Steve Wilson, VP et analyste principal chez Constellation Research, pense pour sa part que les dirigeants seraient bien avisés de garder la tête froide quand ils évaluent le potentiel de la blockchain.

« Il faut se rappeler que la blockchain n'est pas seulement un mécanisme de stockage distribué ou une base de données, mais ce sont des mots clefs - comme "immuable" - qui ont marqué les esprits », constate-t-il.
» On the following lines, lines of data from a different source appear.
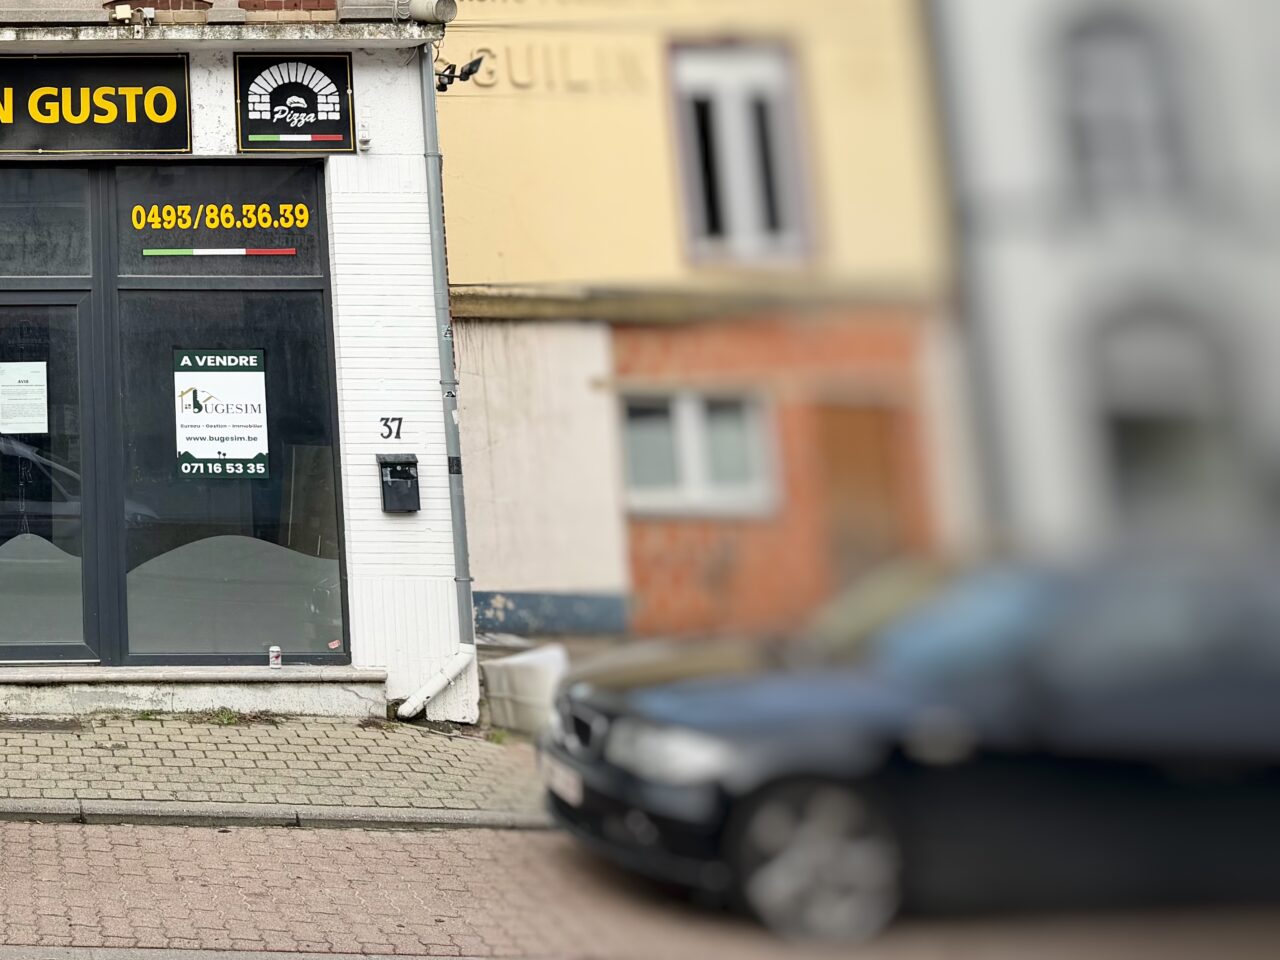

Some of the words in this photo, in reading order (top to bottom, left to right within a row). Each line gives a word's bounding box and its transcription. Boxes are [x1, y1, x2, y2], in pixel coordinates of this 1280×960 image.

[28, 85, 177, 124] GUSTO
[272, 106, 317, 127] Pizza
[131, 203, 310, 230] 0493/86.36.39
[180, 355, 192, 366] A
[195, 355, 258, 366] VENDRE
[380, 417, 403, 439] 37
[186, 435, 258, 443] www.bugesim.be
[181, 462, 205, 474] 071
[207, 462, 222, 473] 16
[225, 462, 244, 473] 53
[246, 462, 265, 473] 35
Or ces attributs de la blockchain peuvent être essentiels pour des cas spécifiques, comme dans les crypto-monnaies, « mais ce sont loin d'être des besoins universels ».

« Bien souvent, les bases de données traditionnelles avec des signatures électroniques sont déjà assez immuables comme cela »
Steve WilsonConstellation Research

Dans beaucoup de cas, ajoute Steve Wilson, la blockchain est même une solution qui se cherche un problème. « Il faut donc faire attention à ne pas lancer des blockchains à brûle-pourpoint sur des cas pour lesquels elles n'ont jamais été conçues ».
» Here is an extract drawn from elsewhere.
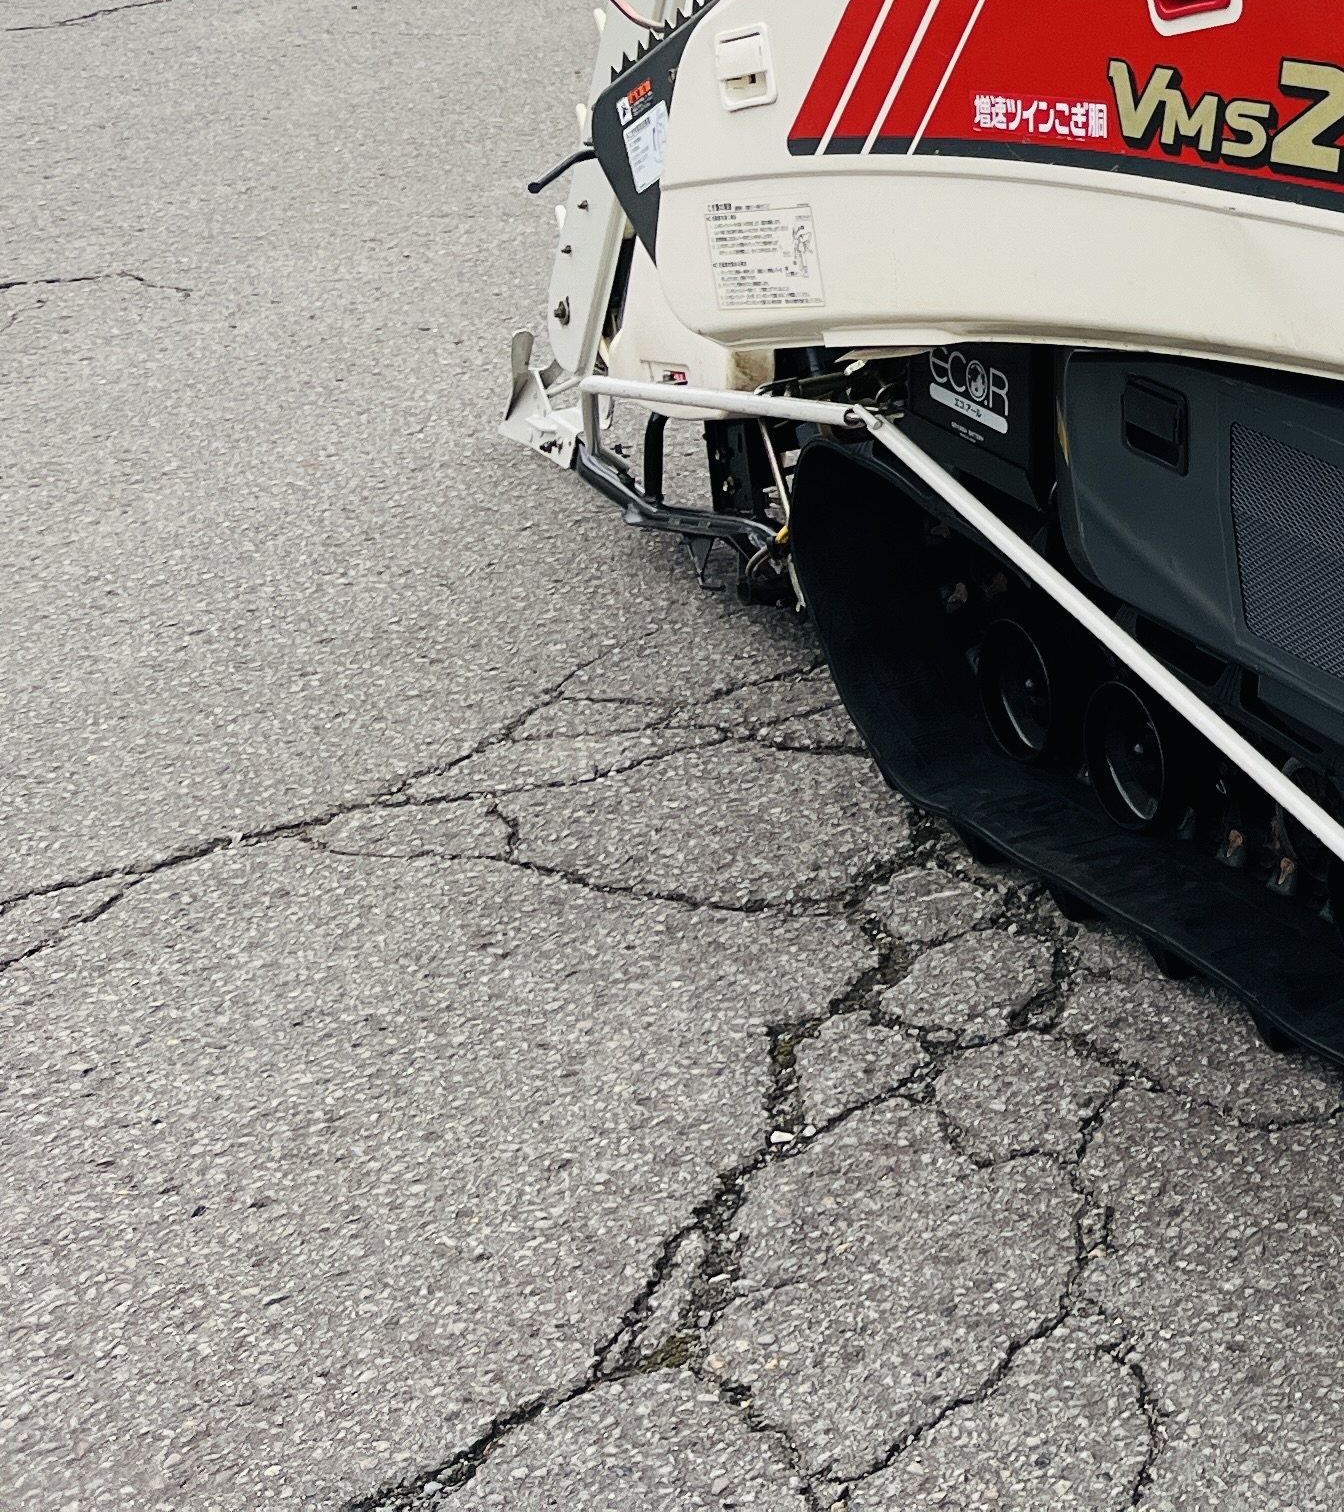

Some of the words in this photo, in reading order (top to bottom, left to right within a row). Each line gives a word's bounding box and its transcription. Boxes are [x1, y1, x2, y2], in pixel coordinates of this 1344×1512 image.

Par exemple, « les soins de santé n'ont pas forcément besoin d'un registre distribué immuable. Les besoins d'information dans la santé sont super complexes. Ils ne peuvent pas se résumer à des slogans comme "immuables, ouverts, décentralisés" », avertit Steve Wilson.

L'analyste va plus loin. Pour lui, la « vache sacrée » de l'immutabilité des informations est une pure création du mouvement blockchain. « Personne n'a jamais voulu l'" immuabilité " avant 2009 [et l'avènement de la blockchain]. Ce que les professionnels veulent vraiment, c'est une défense contre la falsification et les modifications non autorisées, mais tout en restant modifiable. Les bases de données traditionnelles avec des signatures électroniques sont, à mon avis, déjà assez immuables comme cela », lâche-t-il.
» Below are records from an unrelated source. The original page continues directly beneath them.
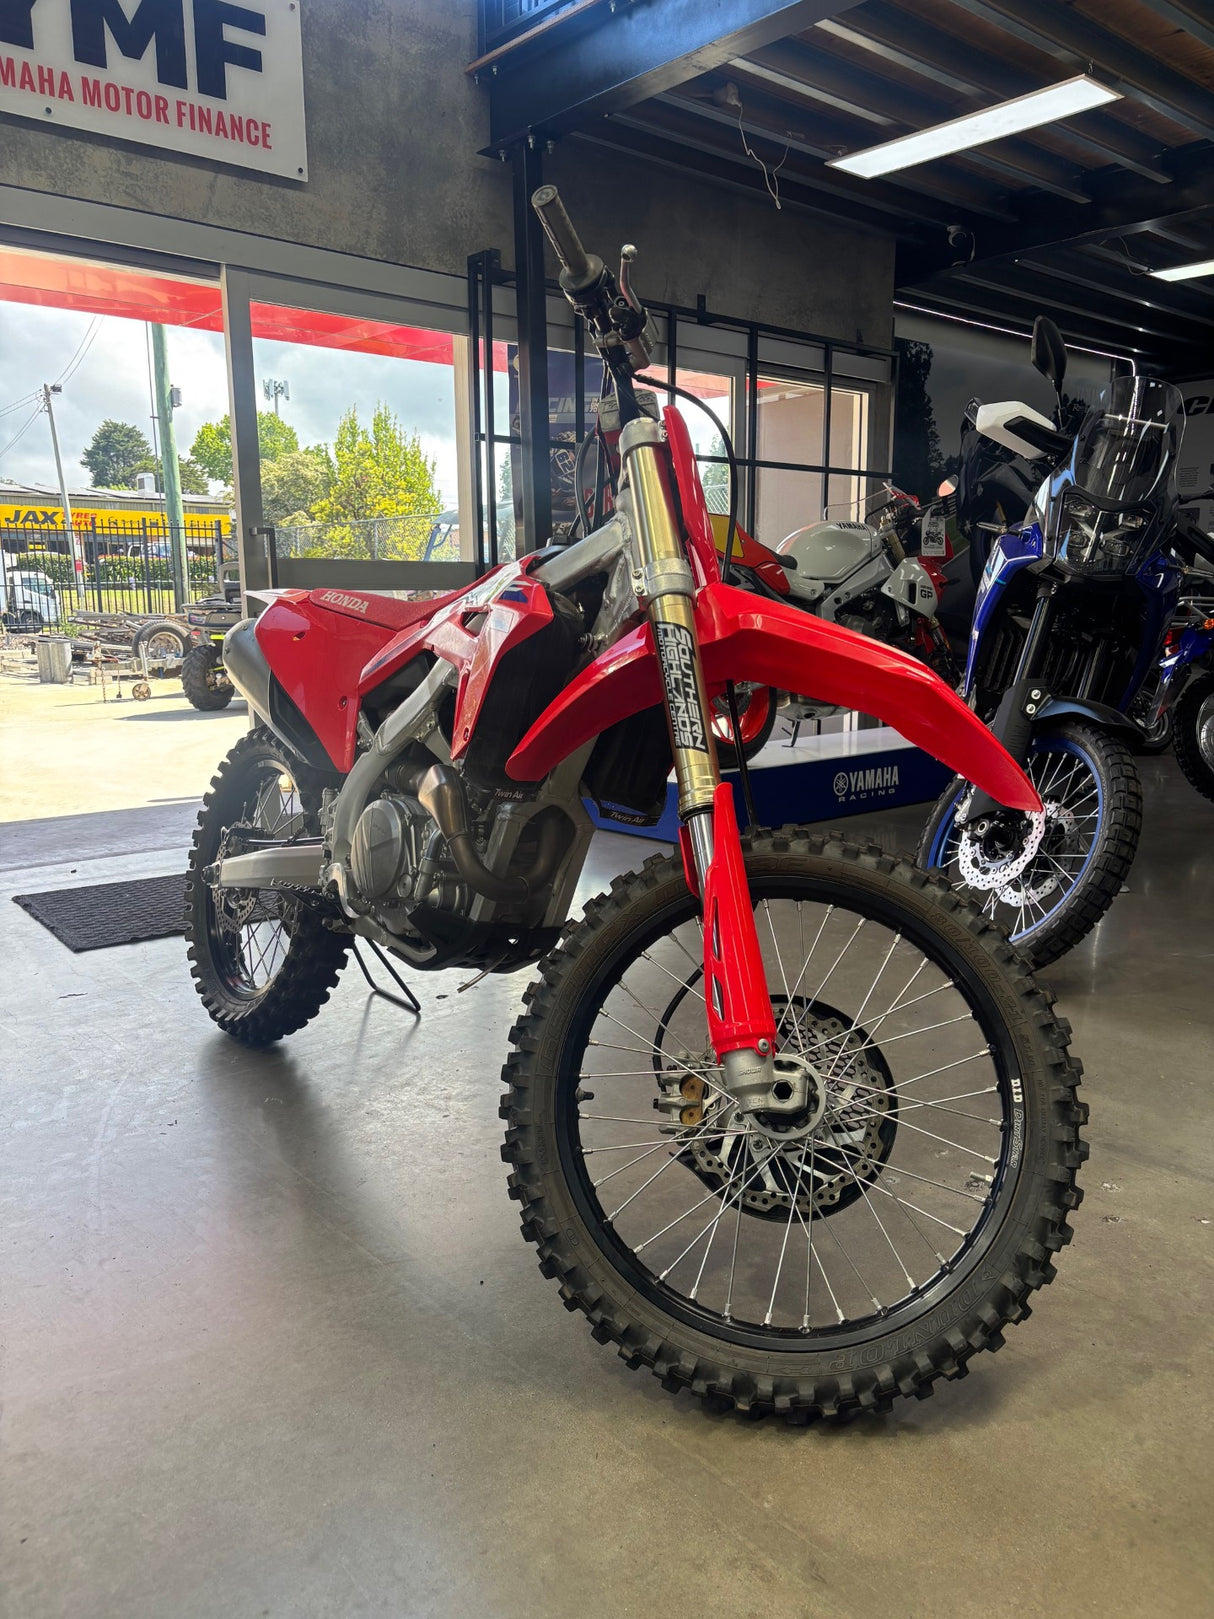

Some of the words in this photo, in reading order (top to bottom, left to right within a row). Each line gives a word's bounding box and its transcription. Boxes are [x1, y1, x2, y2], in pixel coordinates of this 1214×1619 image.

[81, 75, 170, 125] MOTOR
[175, 99, 273, 150] FINANCE
[4, 509, 60, 525] JAX
[836, 521, 867, 531] YAMAHA
[319, 590, 369, 614] HONDA
[920, 588, 933, 600] GP
[657, 623, 694, 747] HIGHLANDS
[674, 627, 706, 750] SOUTHERN
[669, 702, 681, 747] CENTRE
[849, 766, 899, 793] YAMAHA
[494, 788, 513, 798] Twin
[838, 788, 896, 803] RACING
[610, 811, 630, 822] Twin
[828, 1283, 982, 1370] DUNLOP
L'investissement de l'UNICEF semble néanmoins montrer qu'il existe des scénarios pertinents où la blockchain pourrait apporter de vraies solutions et plus de valeur ajoutée que les technologies existantes, admet Steve Wilson.

« Certains des ces projets tirent également parti de la haute disponibilité et de la fiabilité du stockage de la blockchain », constate-t-il. Mais « [ces blockchains] opèrent dans des environnements où l'infrastructure et les structures d'autorité historiques sont beaucoup moins nombreuses que ce à quoi nous sommes habitués ». L'expérience de l'UNICEF devra donc être regardée avec attention, mais en prenant soin de ne pas oublier ces contextes très particuliers (lire ci-dessous).

La blockchain : « Pas un besoin urgent pour la plupart des DSI »

La plupart des DSI n'est pas confrontée à des situations comme celles des projets blockchain de l'UNICEF, où les structures administratives sont soit inexistantes, soit mal définies, prévient Steve Wilson.

« En termes de généralisation [de l'investissement de l'UNICEF dans la blockchain] il faut faire très attention à ne pas oublier la place de la ou des autorités existantes » insiste-t-il. « Si votre cas d'utilisation implique de fait une administration, il va être parfaitement inefficace de passer à la blockchain. Faire cela, c'est comme si vous décidiez délibérément de nier l'existence des managers, des bureaux d'enregistrement et des administrateurs de bases de données ».

En outre, les cas explorés par l'UNICEF sont des applications entièrement nouvelles, elles n'ont pas d'existant à gérer.

Ceci étant, elles aussi évolueront avec le temps. « Au fur et à mesure de leur croissance et de leur évolution, une recentralisation parait inévitable - c'est presque une loi de la physique ou de la nature que les réseaux décentralisés reviennent à une forme de centralisation avec le temps - et il faudra alors vérifier si la blockchain est toujours le bon type d'architecture quand il est souvent plus simple, plus rapide et moins coûteux d'avoir une administration centralisée des données ».

À ce titre, Steve Wilson pense que les dirigeants doivent faire preuve de rigueur, de discernement et de prudence pour comprendre les problèmes qu'ils tentent de résoudre ; et donc déterminer si la blockchain est une bonne solution et en quoi elle est meilleure que les autres technologies pour obtenir les résultats souhaités.

« La blockchain a-t-elle le potentiel de résoudre des problèmes difficiles ? Oui ! Mais il faut être très sélectif sur les problèmes que l'on essaie de résoudre » synthétise l'analyste. « Pour la plupart des DSI, il n'y a - de mon point de vue - pas le feu pour passer à la blockchain ».